Similarly prescient, back in the 1990s the writer William Gibson famously said, “The future is already here, it’s just not very evenly distributed.” All of which to say: the time to figure out what we’re going to do I think is more or less now.
Now, a lot of designers I know are chafing against the role of design as it exists today. In many professional contexts, designer has become synonymous with craftsperson. Design is the craft of pixels, the craft of artifacts, and while the work might be highly strategic—in giving usable form to strategy, in transforming strategy into useful experiences—designers themselves are ultimately makers.
Making, as we’ve learned, can be potentially easy to replace with generative tools. So very understandably, a lot of designers I know are also trying to move so-called “upstream”, toward things like “problem framing” that are more “strategic”. I’m doing air quotes here, you just can’t see them.
Here’s the thing: I think that that AI can potentially do “problem framing” better than just about any human could. Imagine describing to an AI tool all the things that are going wrong, the symptoms that lead you to believe there’s a problem, and then providing some context, like what are the unique requirements, people, or systems involved. And then, imagine just asking the AI for some options for what the problem might be. The medical field is already experimenting with this so I think it’s just a matter of time before it extends to other fields.

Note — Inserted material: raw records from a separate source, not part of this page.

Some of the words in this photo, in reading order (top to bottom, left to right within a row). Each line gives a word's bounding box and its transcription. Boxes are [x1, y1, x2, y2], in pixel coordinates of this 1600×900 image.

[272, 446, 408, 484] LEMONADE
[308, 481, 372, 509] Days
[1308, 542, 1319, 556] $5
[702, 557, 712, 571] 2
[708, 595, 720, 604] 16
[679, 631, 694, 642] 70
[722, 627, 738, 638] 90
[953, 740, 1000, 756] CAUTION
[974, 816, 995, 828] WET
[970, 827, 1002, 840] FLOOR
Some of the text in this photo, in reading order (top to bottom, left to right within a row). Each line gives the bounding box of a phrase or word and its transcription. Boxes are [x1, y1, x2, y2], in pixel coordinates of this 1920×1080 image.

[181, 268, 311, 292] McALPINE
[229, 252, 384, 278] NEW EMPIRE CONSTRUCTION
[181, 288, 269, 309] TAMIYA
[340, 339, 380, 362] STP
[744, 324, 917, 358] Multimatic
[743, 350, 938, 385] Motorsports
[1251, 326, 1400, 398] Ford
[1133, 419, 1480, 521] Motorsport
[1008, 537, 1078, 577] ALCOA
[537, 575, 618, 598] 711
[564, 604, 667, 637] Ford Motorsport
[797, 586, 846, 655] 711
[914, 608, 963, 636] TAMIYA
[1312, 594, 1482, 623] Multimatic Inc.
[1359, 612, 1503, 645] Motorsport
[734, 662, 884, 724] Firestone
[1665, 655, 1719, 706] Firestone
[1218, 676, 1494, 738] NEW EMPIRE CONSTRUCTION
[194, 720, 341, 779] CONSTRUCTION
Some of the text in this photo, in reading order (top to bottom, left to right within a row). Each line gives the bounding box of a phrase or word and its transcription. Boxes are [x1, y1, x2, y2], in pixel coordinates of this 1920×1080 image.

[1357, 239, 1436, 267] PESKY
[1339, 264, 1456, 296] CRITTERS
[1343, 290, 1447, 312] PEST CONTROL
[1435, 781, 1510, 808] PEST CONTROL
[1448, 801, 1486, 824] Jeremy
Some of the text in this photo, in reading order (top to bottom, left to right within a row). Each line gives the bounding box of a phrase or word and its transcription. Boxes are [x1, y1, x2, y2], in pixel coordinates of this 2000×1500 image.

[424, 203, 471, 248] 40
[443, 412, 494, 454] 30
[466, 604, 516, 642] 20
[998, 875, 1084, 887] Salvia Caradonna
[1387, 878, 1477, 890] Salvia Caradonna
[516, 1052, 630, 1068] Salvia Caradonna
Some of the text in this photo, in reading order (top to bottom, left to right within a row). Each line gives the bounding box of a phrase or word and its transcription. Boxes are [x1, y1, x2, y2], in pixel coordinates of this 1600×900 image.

What is left for designers to do? Stay with me while I take a hard turn here. One of the many things I love reading about is the use of design thinking and design practice in the military. The “Military Design Movement”, as it’s called, is a fascinating example of a massive organism, the US military, hitting the limits of what is possible with a hierarchical approach that is based on strictly defined roles and moving forward through design instead.
The military saw the writing on the wall, and I think those of us who work in tech maybe should as well. Yes the stakes are very different, we have livelihoods on the line instead of lives, but as market conditions, user expectations, and the technology we work with all become more complex—I think it’s increasingly necessary that leaders and teams across every function become able to think and act adaptively.
That’s not problem framing and it’s also not craft, but it is design; to operate adaptively requires creativity, collaboration, and iteration—some of the things that designers are trained to do. And while AI can absolutely outpace us on iteration, in my opinion it’s got nothing on creativity or collaboration.
So I think what’s left for us to do is to push past the defined roles that we’re trying so hard to save and instead we need move into the uncertain space of the future where we adapt and collaborate differently, and we need to accept that we won’t know what that looks like until we do it. Thanks for listening.